> **TRY IT**: Pictures aside, restate the records below exactly as written.

*** TASK DATA Section Begins ***

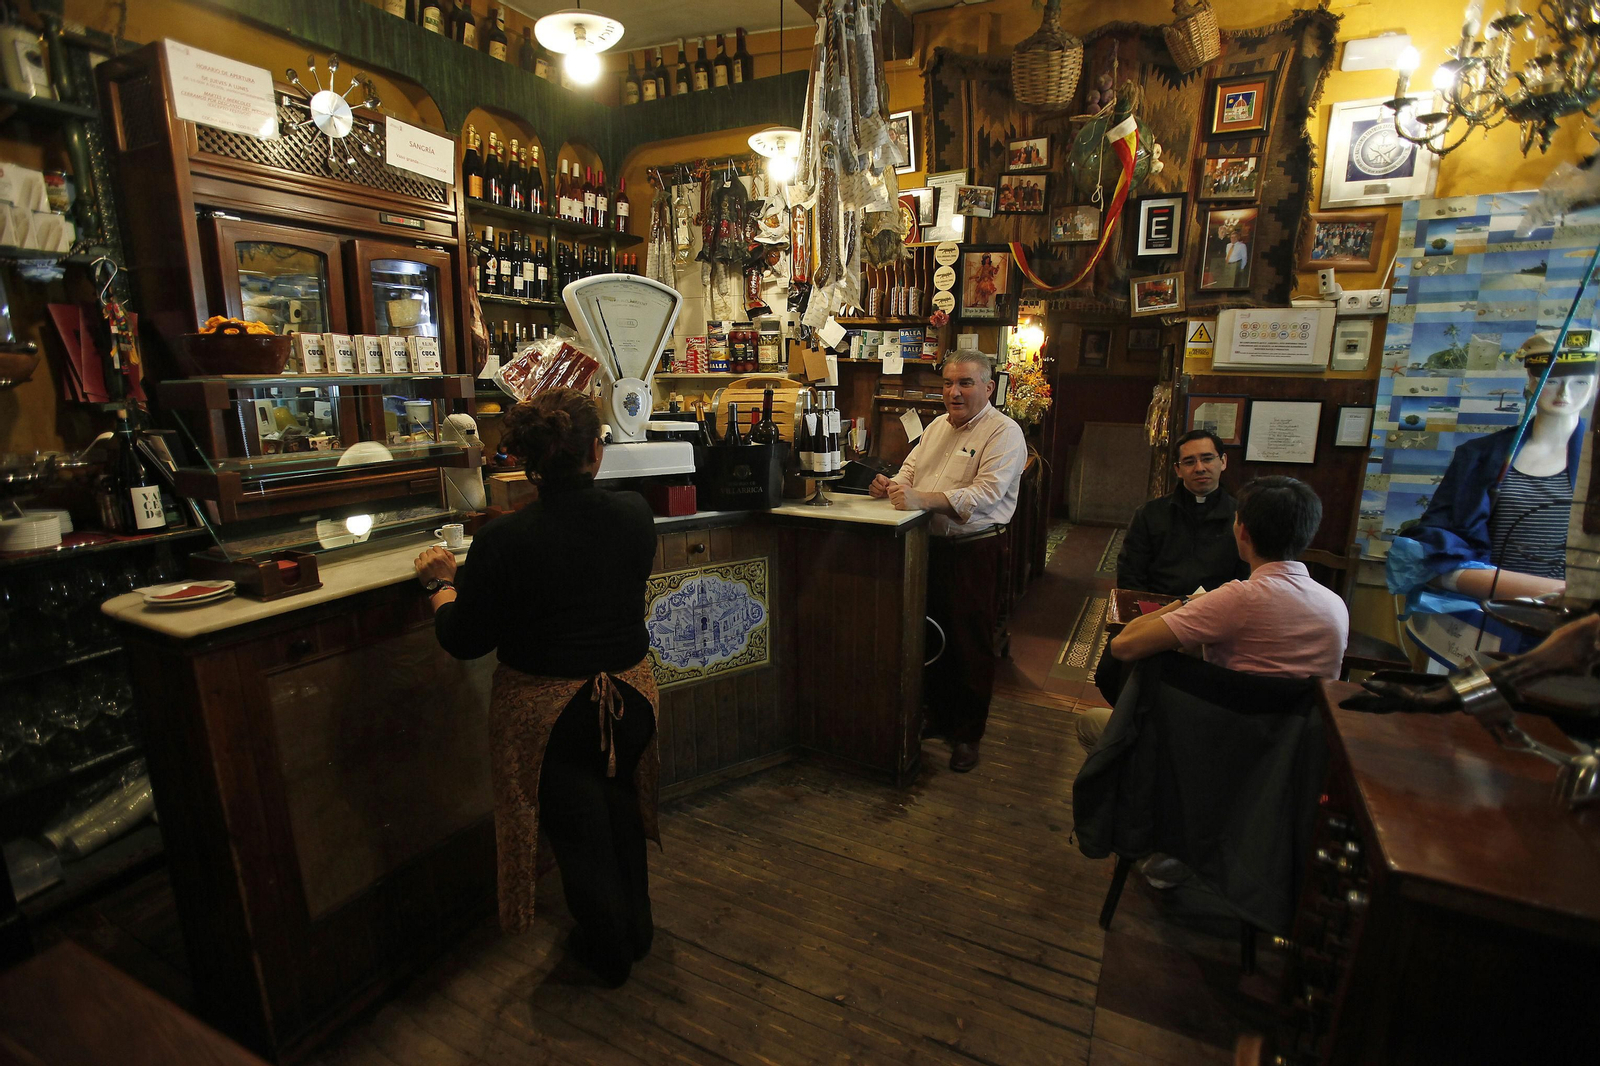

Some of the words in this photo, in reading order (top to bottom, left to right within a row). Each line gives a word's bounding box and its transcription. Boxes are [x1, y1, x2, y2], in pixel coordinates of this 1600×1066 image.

[196, 63, 221, 75] HORARIO
[230, 72, 256, 84] APERTURA
[210, 77, 228, 87] JUEVES
[234, 83, 249, 92] LUNES
[181, 90, 207, 101] CERRAMOS
[217, 100, 242, 111] DESCANSO
[203, 91, 222, 100] MARTES
[409, 140, 435, 155] SANGRÍA
[1152, 216, 1169, 239] E
[339, 349, 353, 357] CUCA
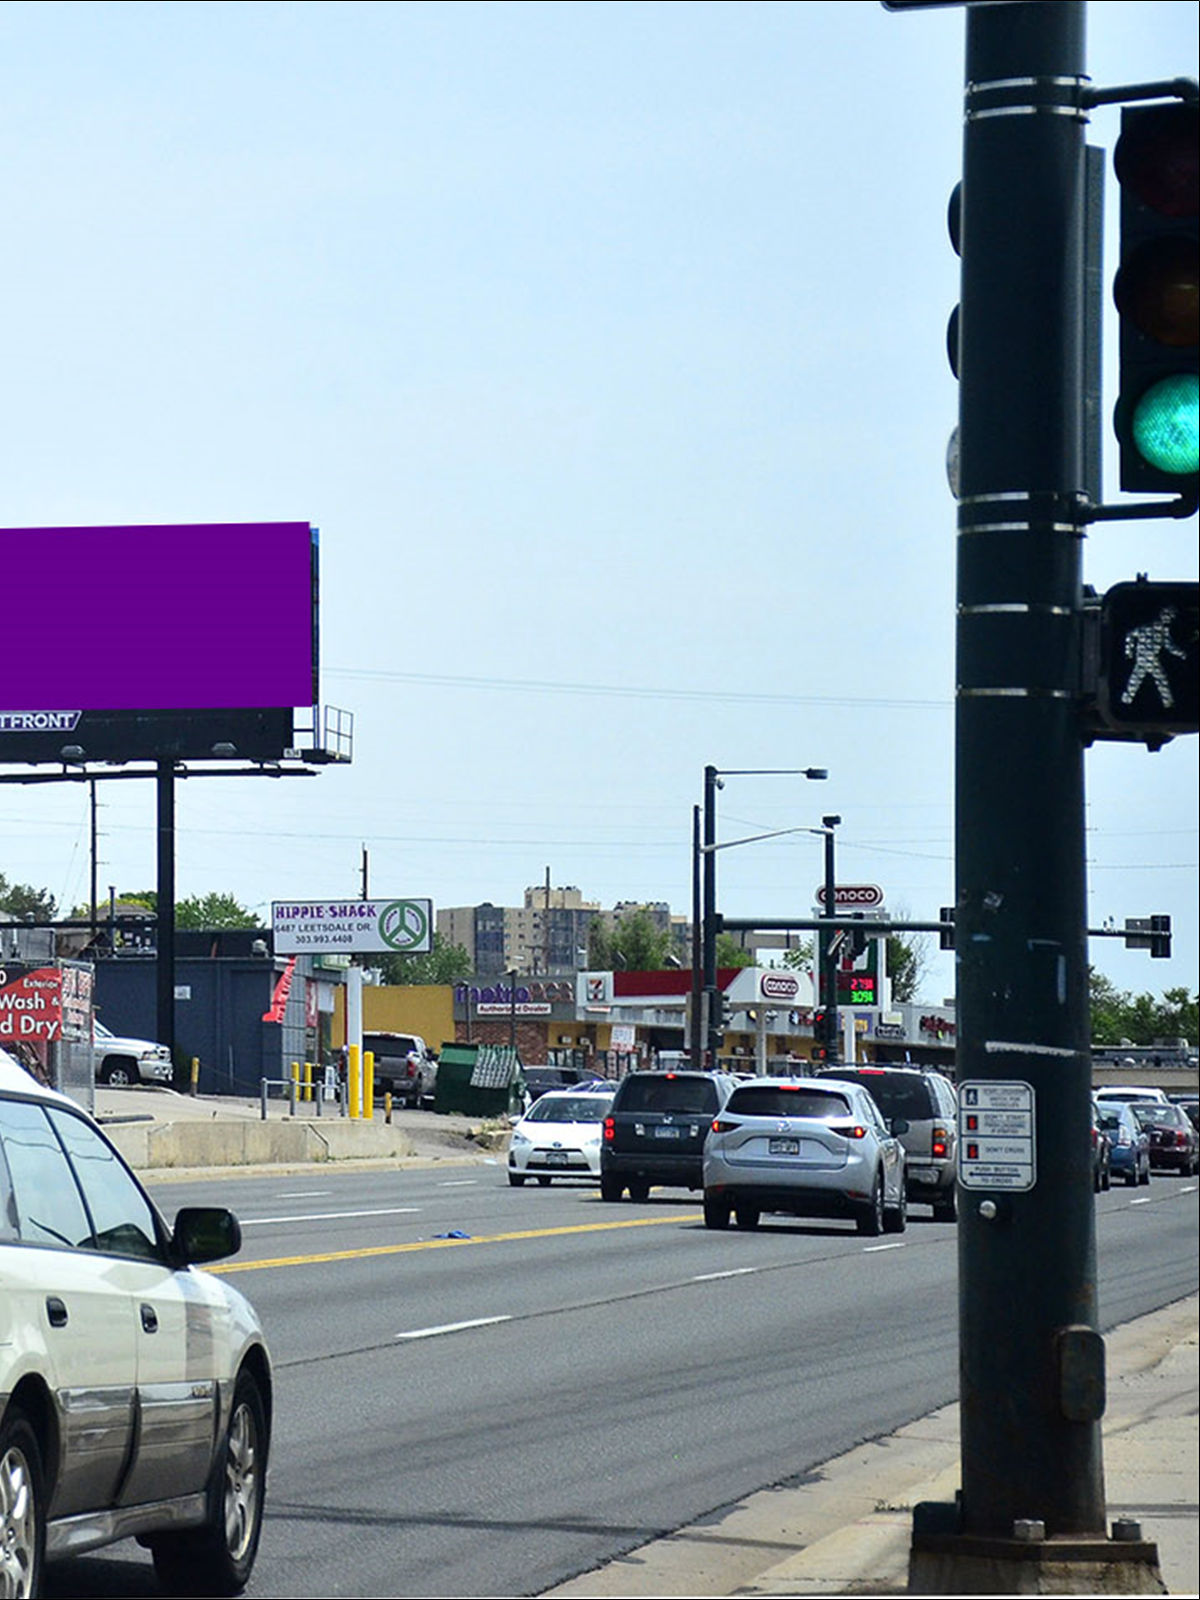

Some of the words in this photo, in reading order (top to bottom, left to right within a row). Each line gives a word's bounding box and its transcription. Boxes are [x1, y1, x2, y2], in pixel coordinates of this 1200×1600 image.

*** TASK DATA Section Ends ***

> **TASK OUTPUT**:
Some of the words in this photo, in reading order (top to bottom, left to right within a row). Each line gives a word's bounding box and its transcription. Boxes are [x1, y1, x2, y2], in pixel coordinates of this 1600×1066 image.

[196, 63, 221, 75] HORARIO
[230, 72, 256, 84] APERTURA
[210, 77, 228, 87] JUEVES
[234, 83, 249, 92] LUNES
[181, 90, 207, 101] CERRAMOS
[217, 100, 242, 111] DESCANSO
[203, 91, 222, 100] MARTES
[409, 140, 435, 155] SANGRÍA
[1152, 216, 1169, 239] E
[339, 349, 353, 357] CUCA

Some of the words in this photo, in reading order (top to bottom, left to right within a row). Each line gives a word's bounding box and its transcription. Boxes are [x1, y1, x2, y2], in pixel coordinates of this 1200×1600 image.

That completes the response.